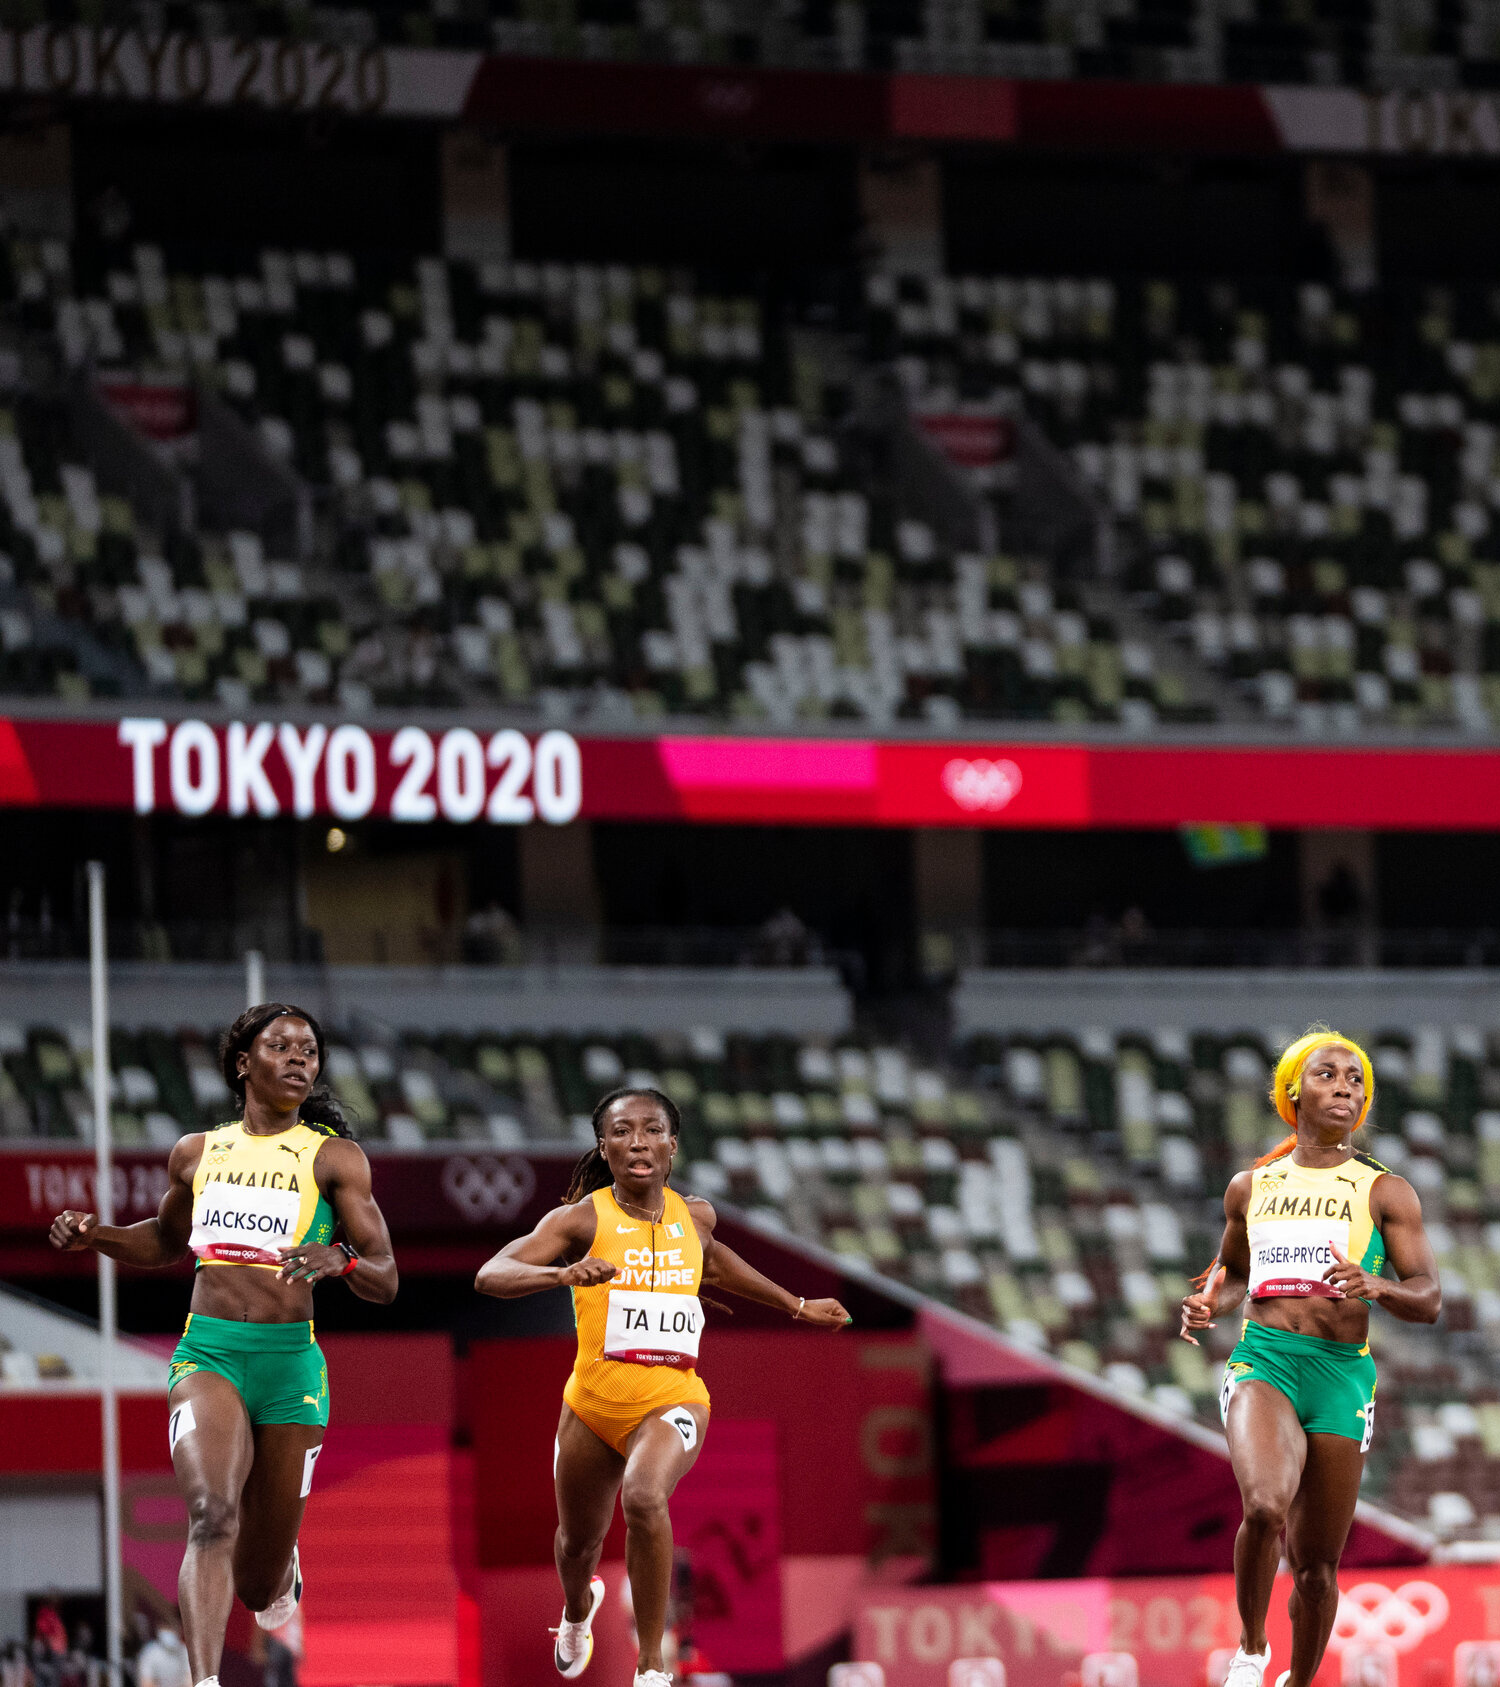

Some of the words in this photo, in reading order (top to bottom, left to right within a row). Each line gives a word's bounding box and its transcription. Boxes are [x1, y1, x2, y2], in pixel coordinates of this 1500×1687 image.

[3, 28, 209, 100] TOKYO
[232, 36, 388, 114] 2020
[118, 717, 378, 821] TOKYO
[388, 725, 584, 825] 2020
[202, 1209, 288, 1235] JACKSON
[1255, 1197, 1352, 1222] JAMAICA
[624, 1246, 684, 1267] CÔTE
[1258, 1246, 1331, 1266] FRASER-PRYCE
[623, 1308, 649, 1331] TA
[659, 1311, 696, 1334] LOU
[636, 1353, 652, 1361] TOKYO
+++
-- Required action --
The pictures stay out of the copy. Set down the entries above precisely.

-- Result of this task --
Some of the words in this photo, in reading order (top to bottom, left to right within a row). Each line gives a word's bounding box and its transcription. Boxes are [x1, y1, x2, y2], in pixel coordinates of this 1500×1687 image.

[3, 28, 209, 100] TOKYO
[232, 36, 388, 114] 2020
[118, 717, 378, 821] TOKYO
[388, 725, 584, 825] 2020
[202, 1209, 288, 1235] JACKSON
[1255, 1197, 1352, 1222] JAMAICA
[624, 1246, 684, 1267] CÔTE
[1258, 1246, 1331, 1266] FRASER-PRYCE
[623, 1308, 649, 1331] TA
[659, 1311, 696, 1334] LOU
[636, 1353, 652, 1361] TOKYO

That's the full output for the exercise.